After spending a night in the freezer, the bottle went to a lab and was thawed before it was examined any further. It proved to be somewhat difficult to separate the squid eggs found inside from the surrounding mucus. Trying to suck some of the substance into a pipette easily clogged it with slime. While the sample preparations were on their way to Ringvold’s lab, three more enormous egg sacs were found in Norway, with one rapidly falling apart as hatchlings were getting ready to break free. That was something the researchers would find out later.

Now that it was being examined up close, the slimy stuff revealed ellipsoid eggs and tiny, transparent squid embryos that seemed to be from some other planet. Embryos from the four spheres were found to be at just as many different embryonic stages. DNA from the glob and eggs was compared to DNA in tissue from several squid species (one from a Korean fish market) until it was determined to belong to an Illex species, which the scientists had suspected. And I. coindetii was a match.

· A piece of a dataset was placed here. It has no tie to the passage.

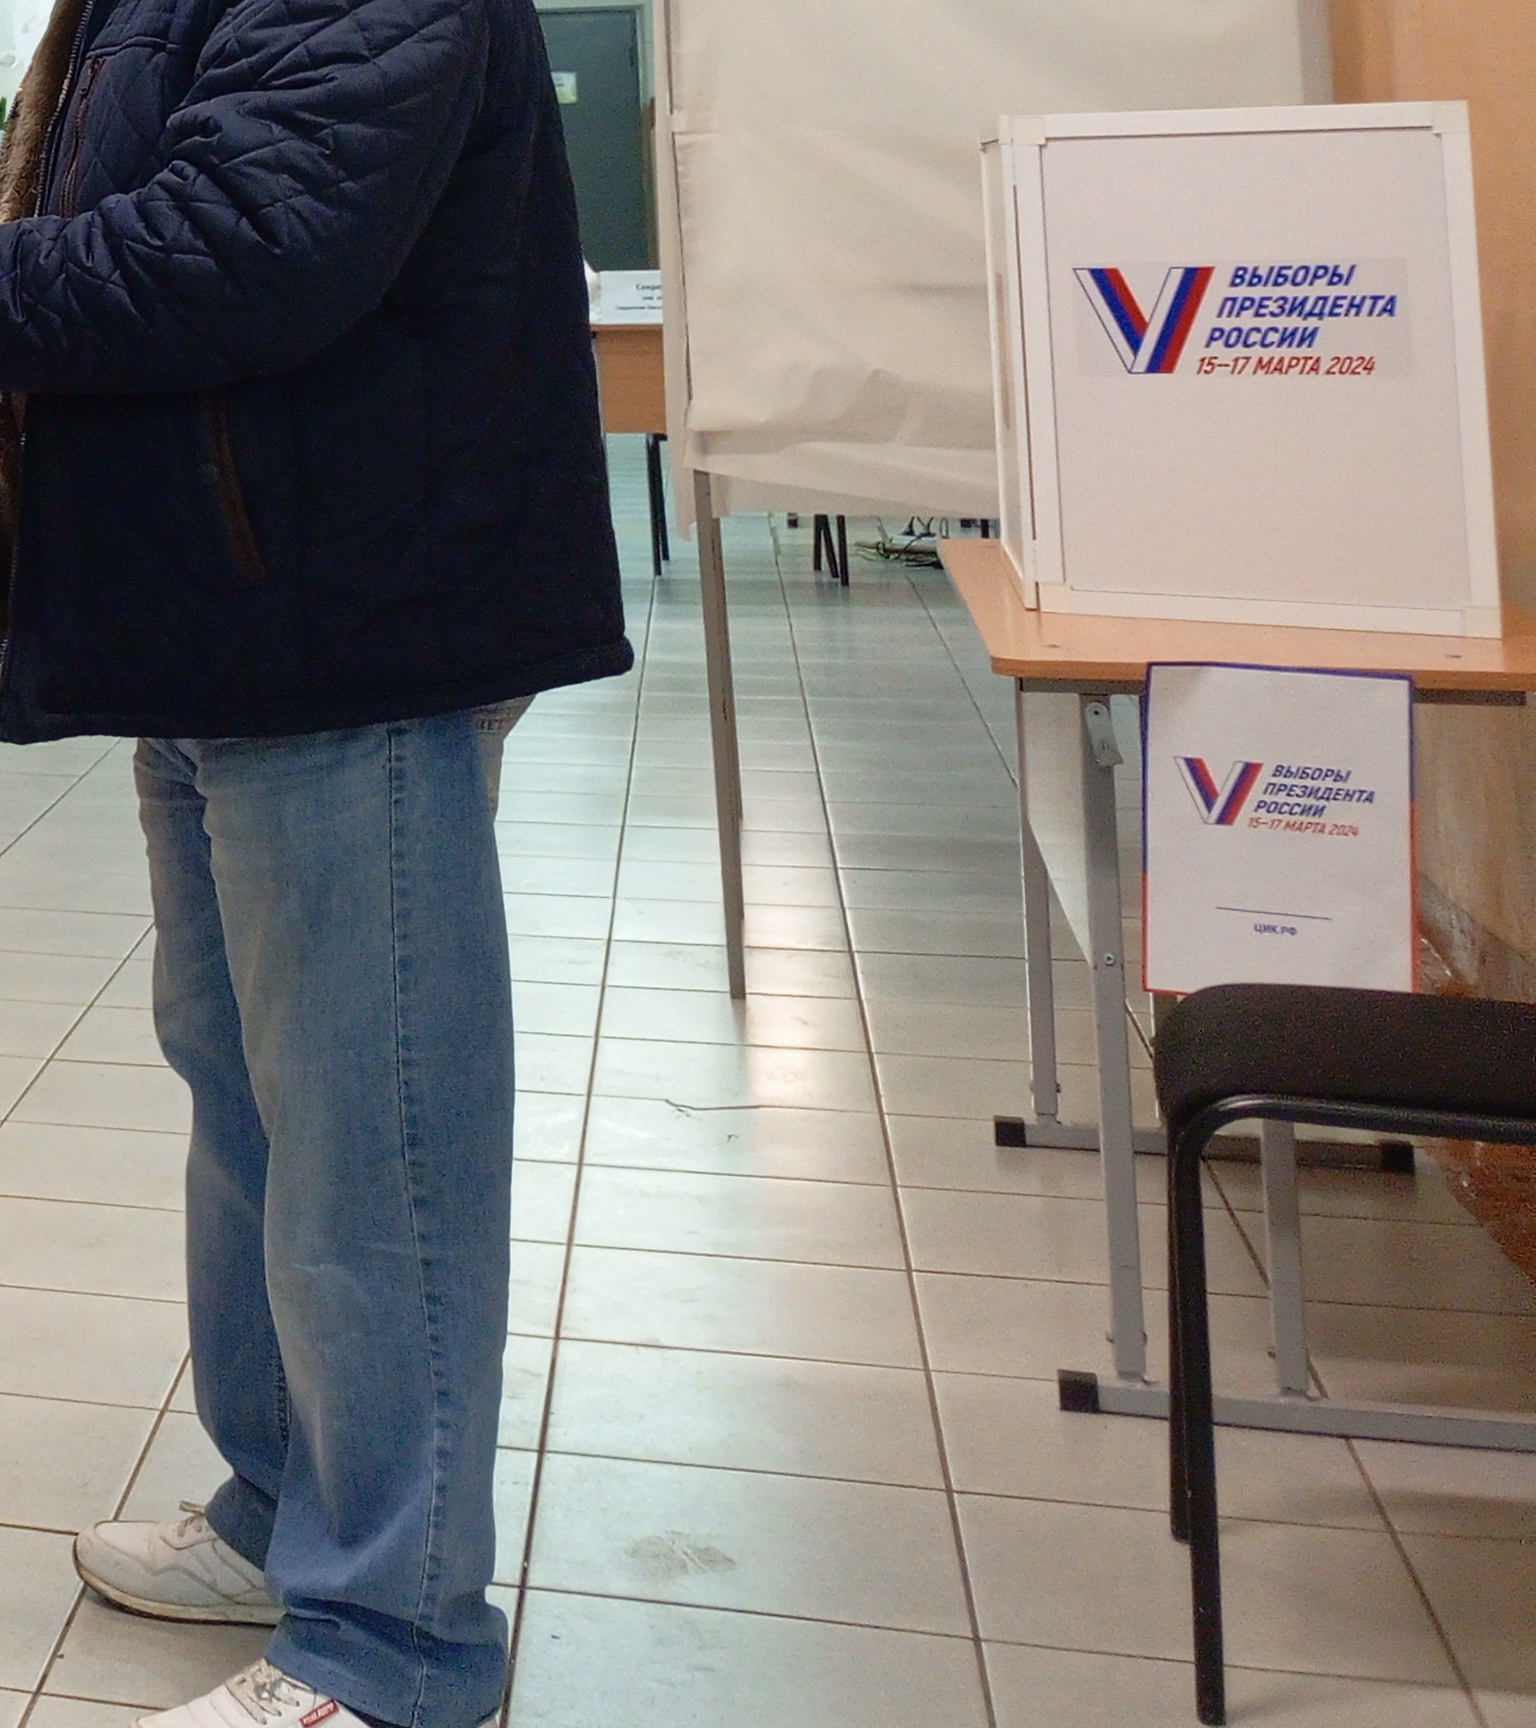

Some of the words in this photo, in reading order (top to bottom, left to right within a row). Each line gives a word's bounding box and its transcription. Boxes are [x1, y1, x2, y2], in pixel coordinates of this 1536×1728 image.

There was something else particularly strange about some of the blobs. They had a dark stripe around the middle, and what exactly that is for remains a mystery. It is most likely that it was either ink accidentally ejected by the female squid as she laid the eggs, or pigment meant to camouflage the otherwise translucent orb as it bobbed in the open ocean, left unprotected and prone to attacks from hungry predators. It could have also been squid ink that was squirted out purposely for that reason. The stripe appears to be an eel or some other type of elongated fish from far away, and it could be that the eggs are kept safe by this illusion.

“The function of the spheres is protection and transport of the offspring by sea currents for paralarval dispersal. Inside these gelatinous structures, the eggs and newly hatched paralarvae are protected from predation,” Ringvold said.

Cephalopods really can get that weird. No wonder creatures inspired by them end up starring in horror movies.